Stored data entries:
______________________________
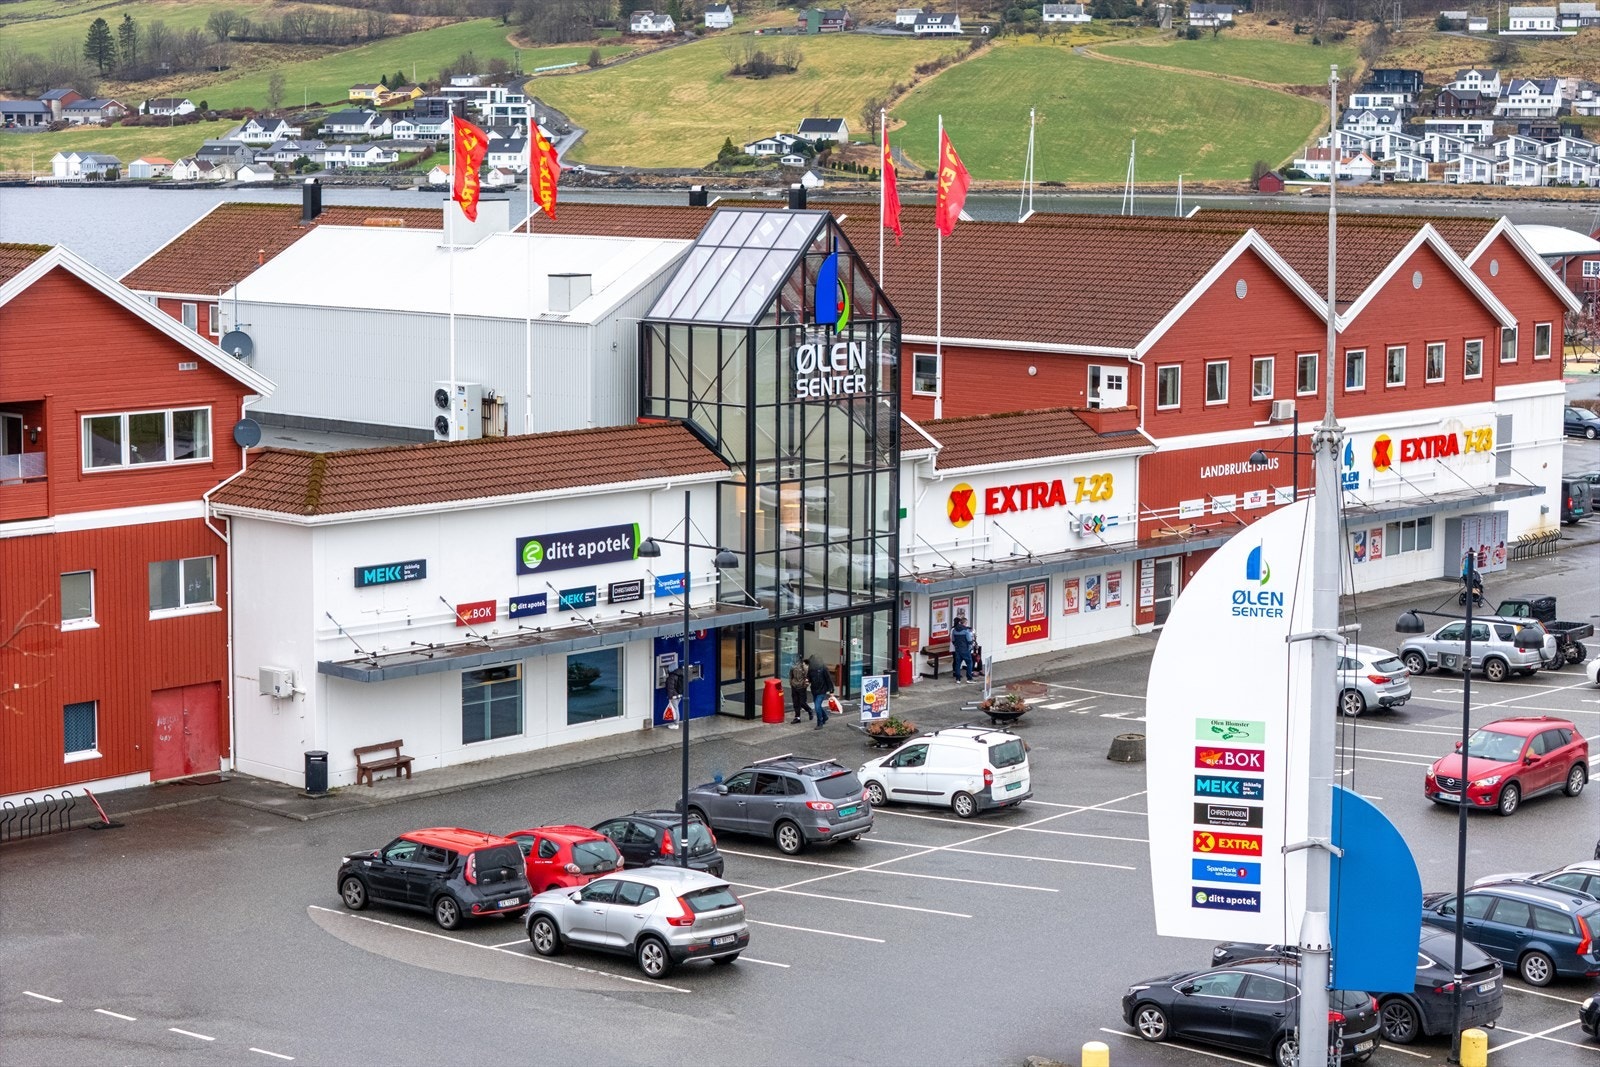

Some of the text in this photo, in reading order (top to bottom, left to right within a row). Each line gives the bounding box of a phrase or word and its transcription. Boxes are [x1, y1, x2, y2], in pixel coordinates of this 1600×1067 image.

[796, 341, 867, 375] ØLEN
[796, 374, 867, 398] SENTER
[1400, 433, 1460, 463] EXTRA
[1464, 427, 1494, 454] 7-23
[985, 479, 1067, 516] EXTRA
[1073, 472, 1114, 504] 7-23
[546, 533, 630, 560] ditt apotek
[528, 600, 546, 609] apotek
[1232, 590, 1284, 606] ØLEN
[473, 606, 492, 618] BOK
[1232, 606, 1284, 618] SENTER
[1023, 624, 1042, 634] EXTRA
[1225, 751, 1261, 767] BOK
[1210, 808, 1247, 818] CHRISTIANSEN
[1218, 838, 1260, 851] EXTRA
[1206, 865, 1237, 873] SpareBank
[1208, 894, 1257, 906] ditt apotek
______________________________
• [Exercise prompt]:
Omit each image and transcribe the remaining records word for word.

• [Answer section]:
Some of the text in this photo, in reading order (top to bottom, left to right within a row). Each line gives the bounding box of a phrase or word and its transcription. Boxes are [x1, y1, x2, y2], in pixel coordinates of this 1600×1067 image.

[796, 341, 867, 375] ØLEN
[796, 374, 867, 398] SENTER
[1400, 433, 1460, 463] EXTRA
[1464, 427, 1494, 454] 7-23
[985, 479, 1067, 516] EXTRA
[1073, 472, 1114, 504] 7-23
[546, 533, 630, 560] ditt apotek
[528, 600, 546, 609] apotek
[1232, 590, 1284, 606] ØLEN
[473, 606, 492, 618] BOK
[1232, 606, 1284, 618] SENTER
[1023, 624, 1042, 634] EXTRA
[1225, 751, 1261, 767] BOK
[1210, 808, 1247, 818] CHRISTIANSEN
[1218, 838, 1260, 851] EXTRA
[1206, 865, 1237, 873] SpareBank
[1208, 894, 1257, 906] ditt apotek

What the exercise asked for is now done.